◆ SOURCE RECORDS
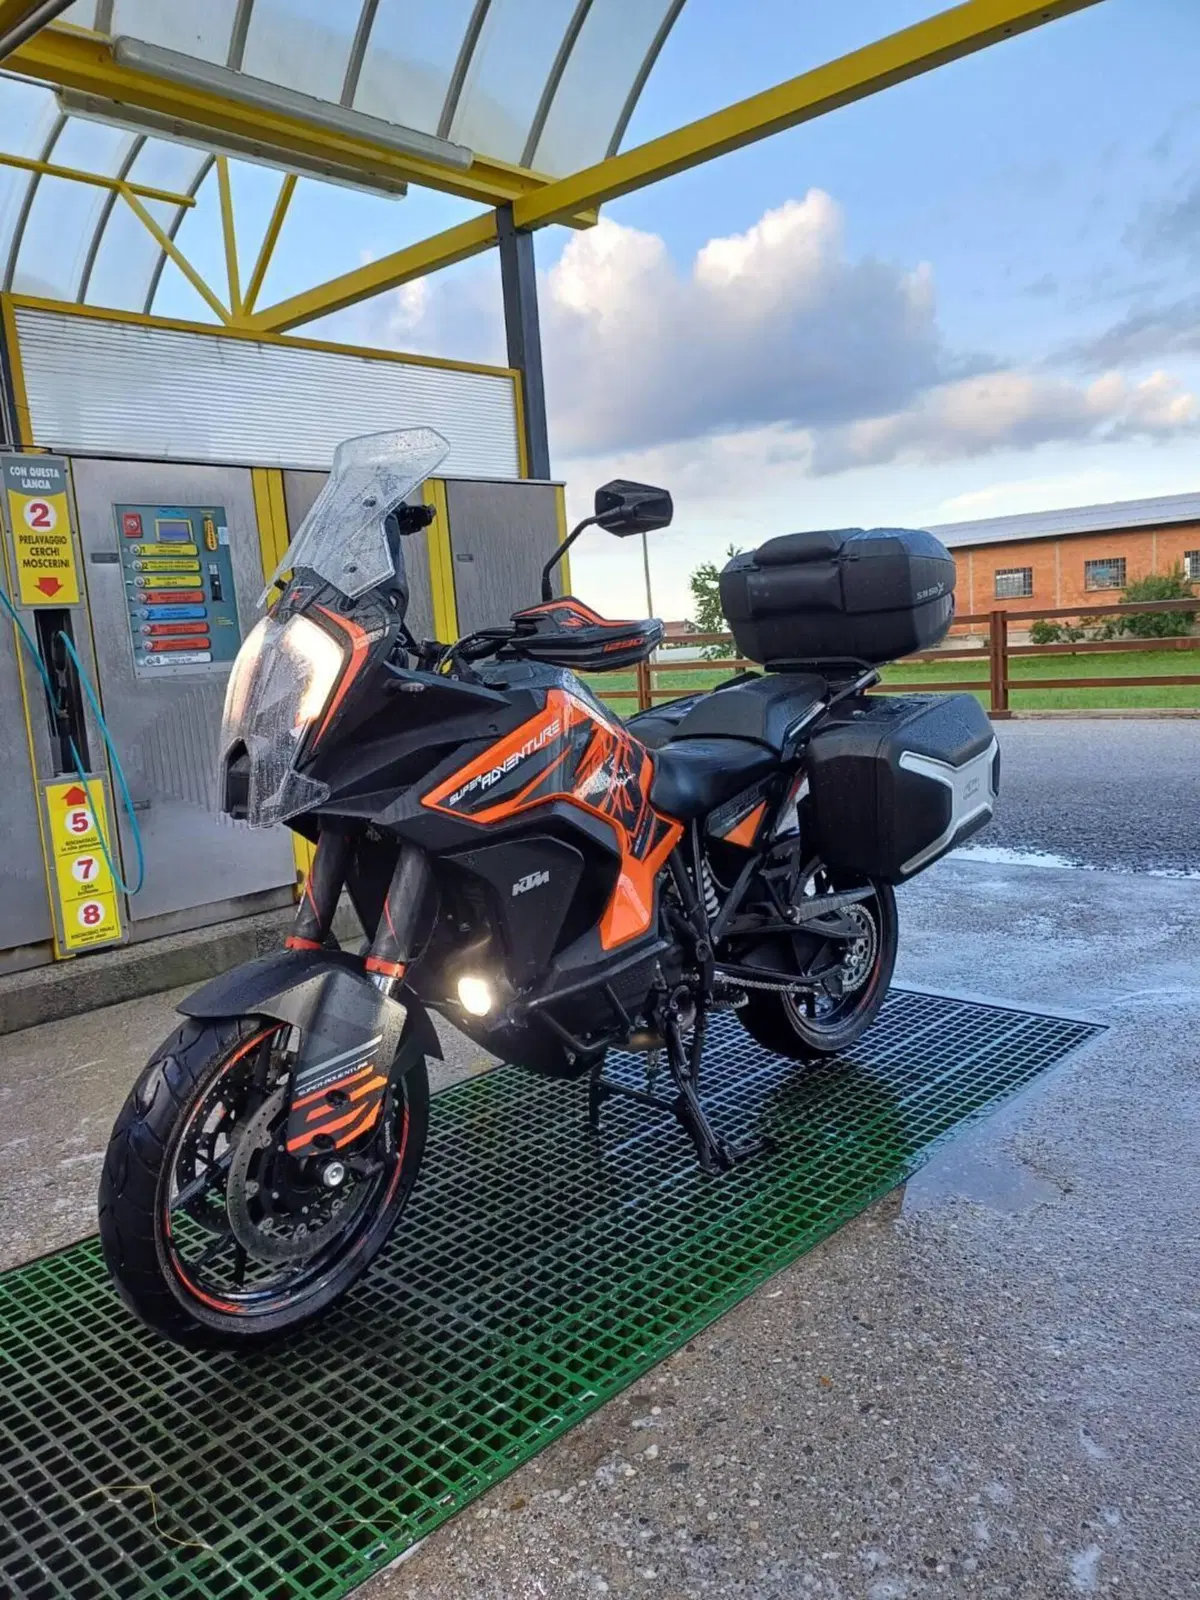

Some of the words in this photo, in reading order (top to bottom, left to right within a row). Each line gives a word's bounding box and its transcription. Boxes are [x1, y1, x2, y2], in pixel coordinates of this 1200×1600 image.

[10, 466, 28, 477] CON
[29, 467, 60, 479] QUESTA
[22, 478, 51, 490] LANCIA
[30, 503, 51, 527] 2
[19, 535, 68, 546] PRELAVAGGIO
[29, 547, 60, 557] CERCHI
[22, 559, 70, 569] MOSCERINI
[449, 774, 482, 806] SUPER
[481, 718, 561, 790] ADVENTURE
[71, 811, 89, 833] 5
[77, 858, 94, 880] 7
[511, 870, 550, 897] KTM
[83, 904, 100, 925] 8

◆ TRY IT
Copy the listing above verbatim; the pictures it contains are to stay out.

◆ TASK RESULT
Some of the words in this photo, in reading order (top to bottom, left to right within a row). Each line gives a word's bounding box and its transcription. Boxes are [x1, y1, x2, y2], in pixel coordinates of this 1200×1600 image.

[10, 466, 28, 477] CON
[29, 467, 60, 479] QUESTA
[22, 478, 51, 490] LANCIA
[30, 503, 51, 527] 2
[19, 535, 68, 546] PRELAVAGGIO
[29, 547, 60, 557] CERCHI
[22, 559, 70, 569] MOSCERINI
[449, 774, 482, 806] SUPER
[481, 718, 561, 790] ADVENTURE
[71, 811, 89, 833] 5
[77, 858, 94, 880] 7
[511, 870, 550, 897] KTM
[83, 904, 100, 925] 8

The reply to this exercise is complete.